だがここで語られているのはカメラの出現の後、芸術家たちが打ち出してきた新たな描き方についてであった。
高島野十郎は写実である。
写実はどうやって見るべきか。
そう思いながらポスターを眺めていると閃いた。
筆者は絵は描かないが文は書く。
そしてこの文は徹底した写実ではないか。
写実を見る時はそこにある形、色を徹底的に写実し、またどんな香りがしそうか、風は?音は?と想像してみよう。
そう決意した。
しかし一枚一枚の絵をじっくりみているうちに、何を思ったか忘れてしまってはいけない。
そこでメモを取ることにした。
メモを取っていると注意されてしまわないか心配であったので、美術館のマナーについて調べた。

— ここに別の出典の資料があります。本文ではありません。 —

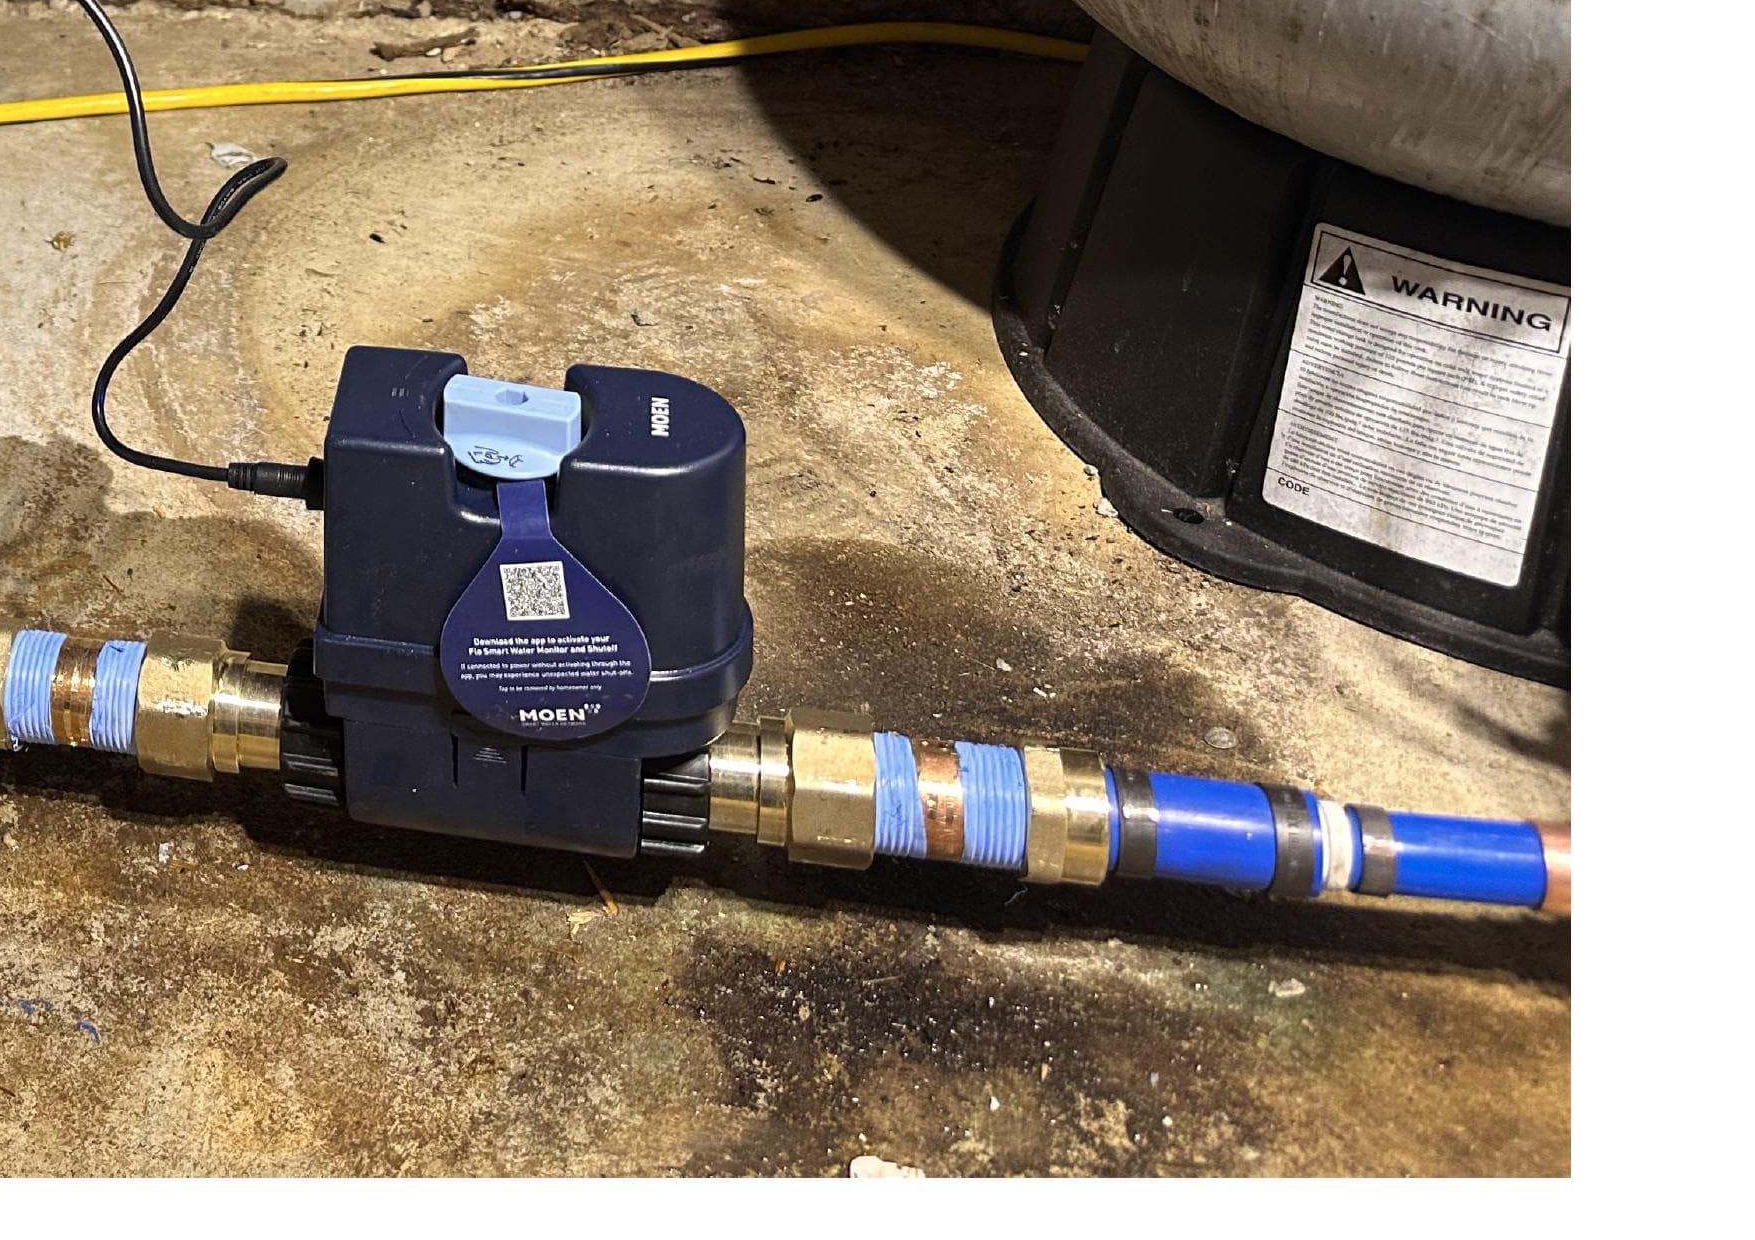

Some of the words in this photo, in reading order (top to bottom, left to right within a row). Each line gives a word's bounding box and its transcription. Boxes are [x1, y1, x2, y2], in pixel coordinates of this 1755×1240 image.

[1391, 275, 1553, 331] WARNING
[651, 396, 670, 437] MOEN
[1277, 475, 1311, 496] CODE
[474, 637, 514, 646] Download
[515, 637, 528, 645] the
[531, 638, 545, 647] app
[557, 635, 589, 644] activate
[591, 635, 610, 645] your
[469, 647, 483, 656] Flo
[484, 647, 509, 655] Smart
[510, 646, 534, 654] Water
[537, 645, 568, 654] Monitor
[570, 645, 585, 653] and
[587, 644, 618, 653] Shutoff
[558, 661, 590, 669] activating
[592, 660, 618, 668] through
[519, 709, 586, 722] MOEN

それによると、鉛筆でのメモは問題ない場合が多いらしい。
しかしながら色鉛筆、シャープペンシル、ボールペンなどでのメモは禁じられている場合が多いので注意が必要である。
高島野十郎についても調べた。
よく見かけられたのは以下のキーワードである。
・独学で絵を学ぶ
・仏教的思想に根ざしている
・度々奈良を訪れ風景画を残している
詳しくはこちらを参照してほしい。
http://www.pref.nara.jp/secure/165616/PR_Takashima_20210302%20.pdf
かなり入念な準備を経て、ようやく美術館へ向かった。
奈良県立美術館は身近であるにも関わらず一度も行ったことがなかった。
これまで開催されていた展覧会の情報を知り、なぜ行かなかったのだろうと悔やんだ。
楽しみな気持ちと不安な気持ちをないまぜにしたまま扉を開いた。
序
奈良会場ではじめに見せられるのは五重塔の絵である。
ポスターにもあったこの絵だが、実際に見てみると違和感を抱く。
…もしかして、お下手でいらっしゃる?
生まれてこのかた油絵など書いたことはござらん、という筆者が言っちゃあいけないだろうが、そんな気がする。
素人の絵を見ているような感じがする。
建物に重みがないのだ。
それはおそらく遠近法に失敗したような歪みのあるせいだ。
第一〜三展示室
第一展示室から順に、青年期、滞欧期、戦前期の作品。
やはり建物が歪んでいる。
重力に逆らっているかのようだ。
蓮の葉も様子がおかしい。遠近法で描けばそうはならないくらいの膨らみを見せている。
電柱は曲がっている。
植物は下を向いている。
林檎は腐ったようだ。
線は曲がりくねっている。
ケシの花。(いうまでもなくアヘン。)
それから静物画に出てくる壺。
後ろに見える影。
なんとも禍々しい。
そして何より禍々しいのは自画像である。
こんなに歪むはずがないというほどに歪んだ着物。
こんなに曲がるはずがないというほどに曲がった指。
異常だ。
この人物、かなり病んでいる。
綺麗な絵を見られると思ってやってきた筆者にとっては衝撃的であった。
そんなことを思っているうちに「からすうり」の絵の元にやってくる。
これもポスターで見たときは綺麗だと思った。
だがこうして見てみるとどうだろう。
やはり違和感がある。
(後ろを「綺麗だね〜」と言いながら、香水をプンプンさせたカップルが通り過ぎていく。)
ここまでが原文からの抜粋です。